Australia ask ‘who you Warne-a call? — Pom buster!’

MELBOURNE, (Reuters) – With Australia’s Ashes   campaign on the ropes after a crushing second test loss to   England, local sports writers have resorted to trying to   cajole 41-year-old legspinner Shane Warne out of retirement to   save the cricket team in their hour of need.
Warne, as famous for generating tabloid headlines as   match-winning performances, would revitalise Australia’s blunt   attack which took only six wickets in their past two innings,   columnist Peter Fitzsimons, a former Australia rugby   international, wrote in Wednesday’s Sydney Morning Herald.

Shane Warne
Shane Warne

“Yes, England are on course for their first stunning   victory since 1986-87 and it will be at our expense. Unless we   do something. Who ya gonna call? Not Ghostbusters. Why not   Shane Warne?”
“You need to get these wickets. You have a choice of, say,   Xavier Doherty, Nathan Hauritz, Cameron White and  Shane   Warne, in his Channel Nine commentary gear. How many would   really throw the ball to any of the first three in such a   scenario?”
The stocky blond extrovert from Melbourne’s suburbs   relished terrorising English batsmen over the course of a   long, illustrious career, but retired from international   cricket after Australia white-washed England 5-0 in the last   home series.
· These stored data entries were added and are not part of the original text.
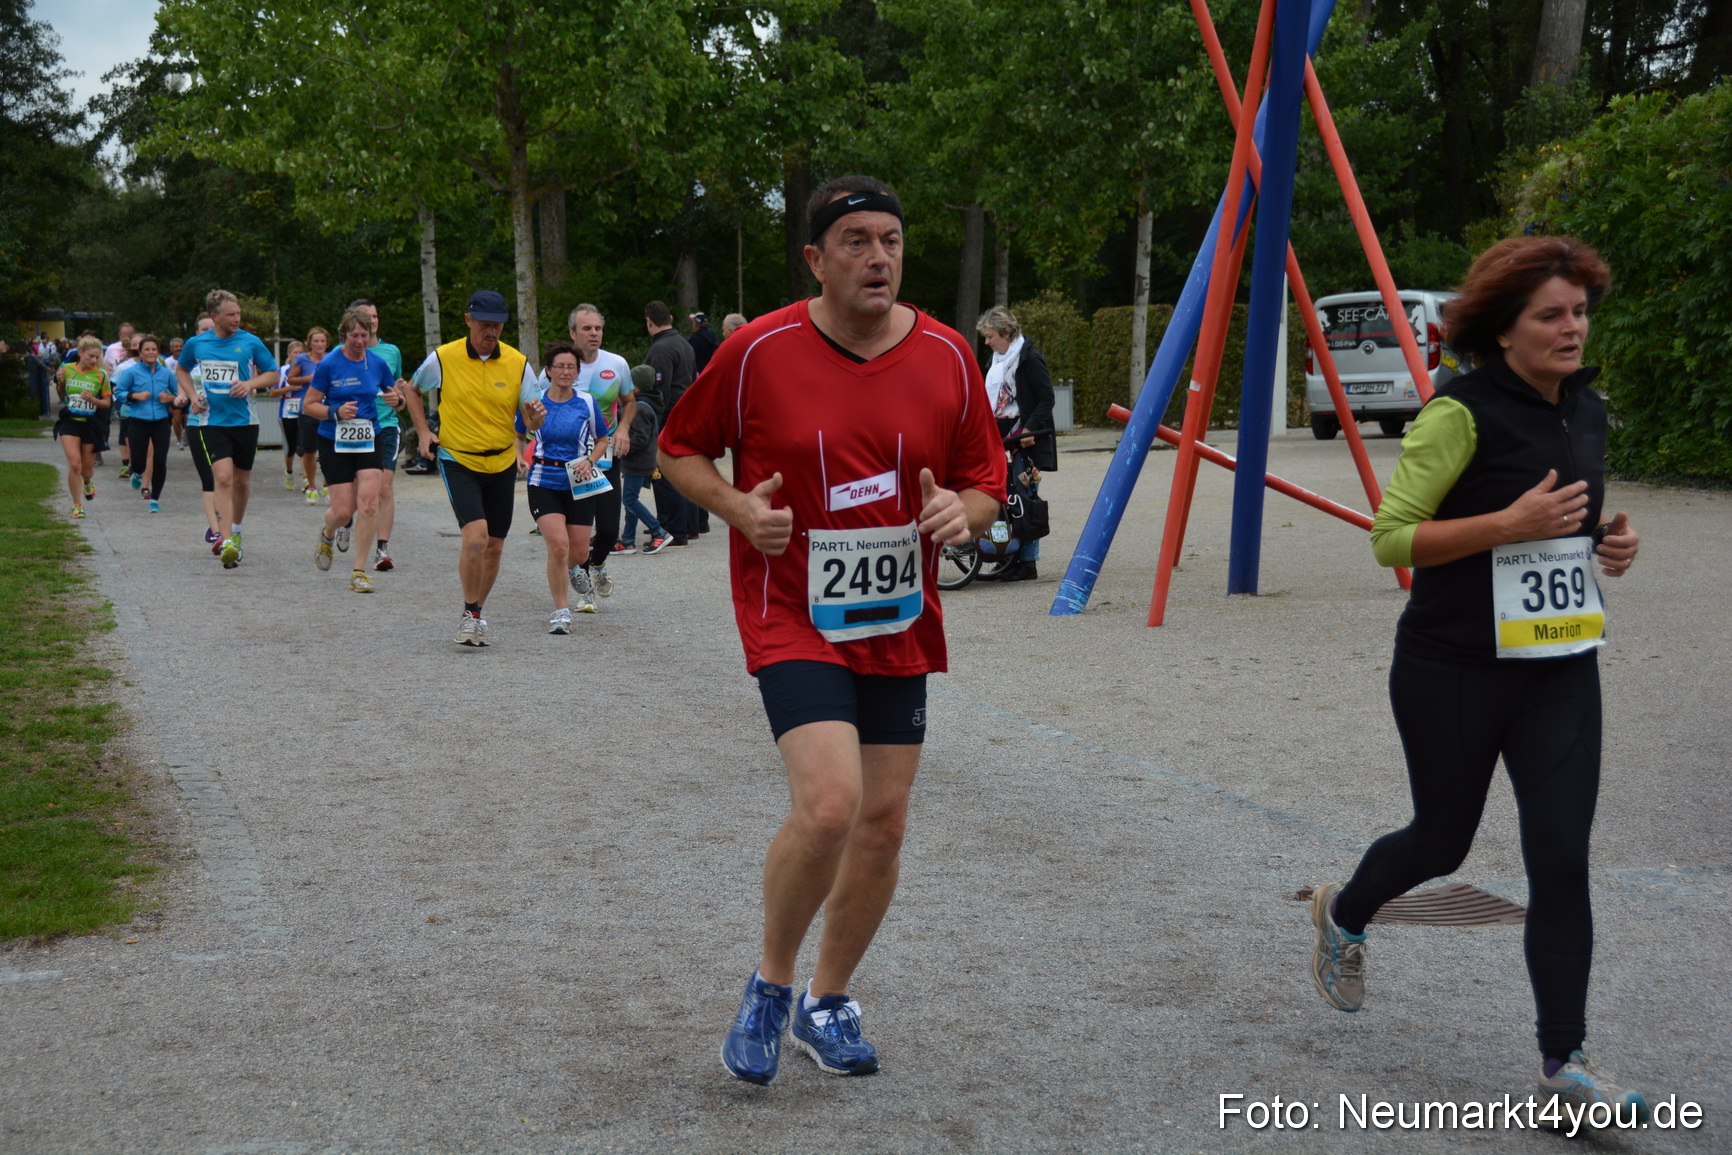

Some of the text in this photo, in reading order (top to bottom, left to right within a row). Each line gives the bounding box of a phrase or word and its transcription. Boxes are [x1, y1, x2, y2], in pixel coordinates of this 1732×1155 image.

[205, 368, 236, 381] 2577
[71, 399, 96, 411] 2710
[340, 427, 372, 440] 2288
[849, 483, 880, 500] DEHN
[811, 537, 911, 552] PARTL Neumarkt
[1496, 550, 1585, 567] PARTL Neumarkt
[823, 549, 917, 598] 2494
[1520, 566, 1585, 613] 369
[814, 596, 820, 604] B
[1500, 612, 1507, 620] D
[1534, 622, 1582, 641] Marion
He has since played for the Rajasthan Royals in the   lucrative Indian Premier League amid his various media   commitments, and is regarded by some Australian pundits as one   of the finest cricketing brains never to have captained the   national team.
More than 70 percent of respondents to an online survey   carried by local tabloid, the Daily Telegraph, said Warne   should be recalled, but the spinner has played a straight bat   — without expressly ruling himself out.
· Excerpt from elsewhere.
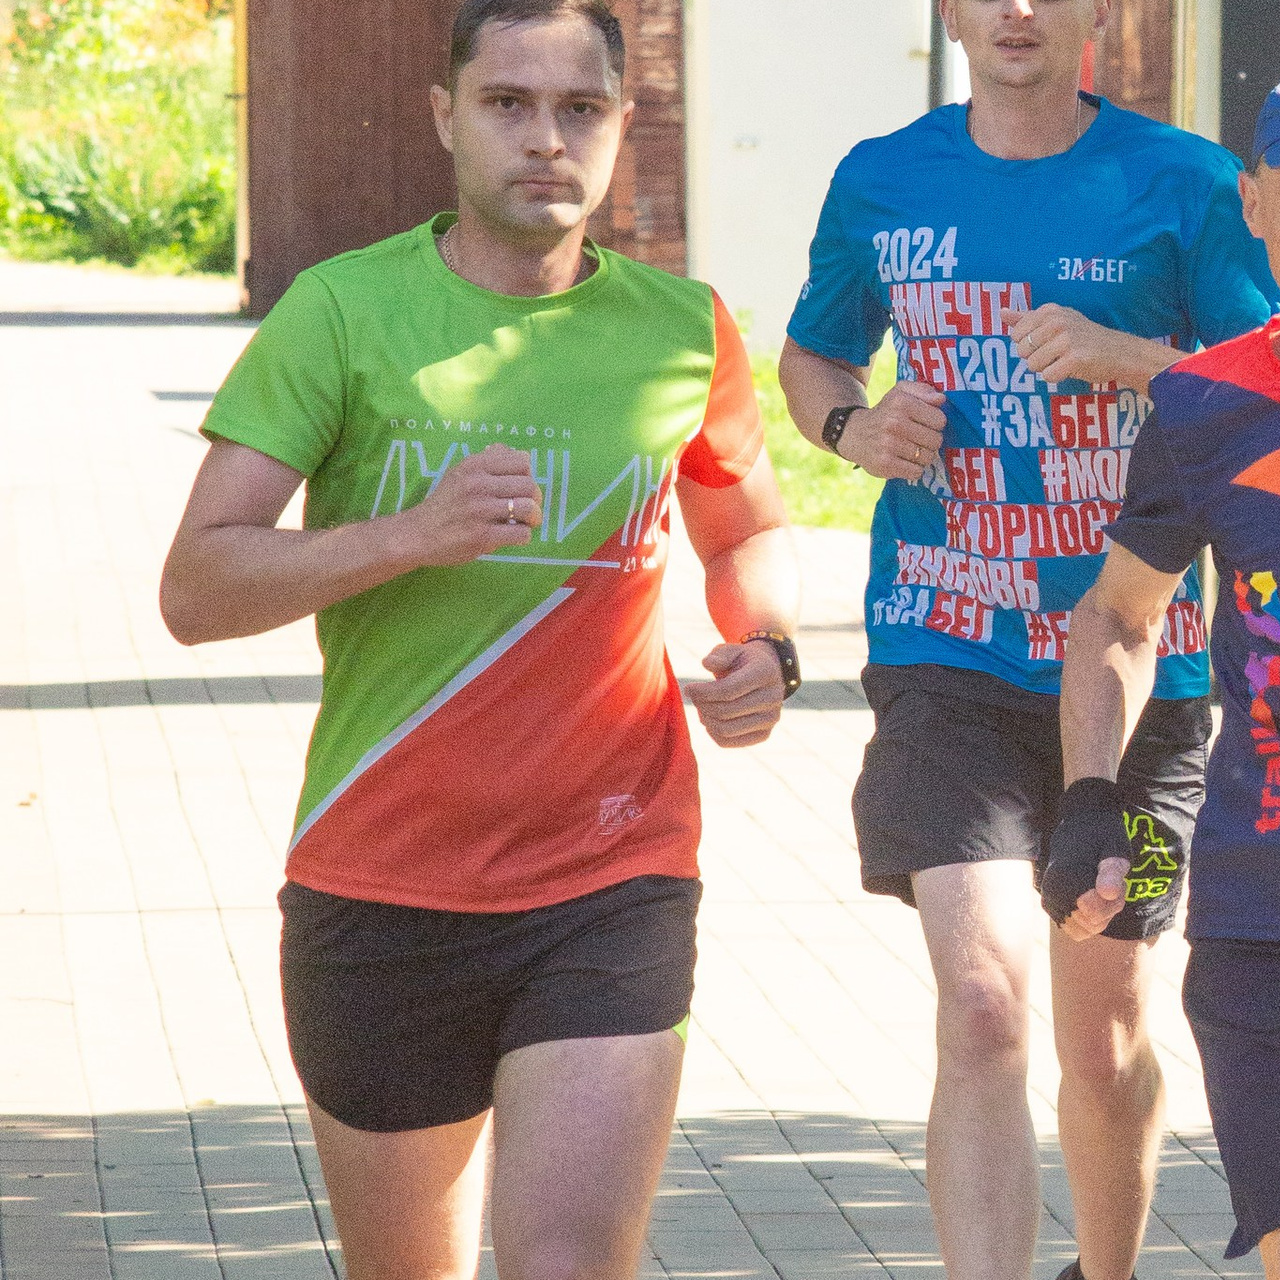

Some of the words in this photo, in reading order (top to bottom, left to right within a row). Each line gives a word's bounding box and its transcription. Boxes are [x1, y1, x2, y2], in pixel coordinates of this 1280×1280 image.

[873, 226, 959, 282] 2024
[891, 282, 1031, 336] #МЕЧТА
[390, 419, 572, 439] ПОЛУМАРАФОН
“There has been a bit written in Australia and people have   been asking me about making a comeback. All I can say is that   it is very flattering to hear those words,” Warne wrote in the   Telegraph, a British newspaper.
The legspinner instead plumped for Michael Beer, an   untried state cricketer, for his left-arm spin and local   knowledge of Perth’s WACA ground, where Australia will hope to   peg back the 1-0 series deficit in the third test next week.
“Sometimes horses for courses works. Australia have to   explore all options and win this next match to get back in   this series,” Warne said.
Warne could be coaxed back out of retirement, but would   need to be handed the captaincy, Fitzsimons said.
“I say, OK. Ricky Ponting, we love you and thanks, but it   just isn’t working … In desperate straits, we need to not   only roll the dice, but go to the man who has rolled the dice   for a living, even in his downtime.”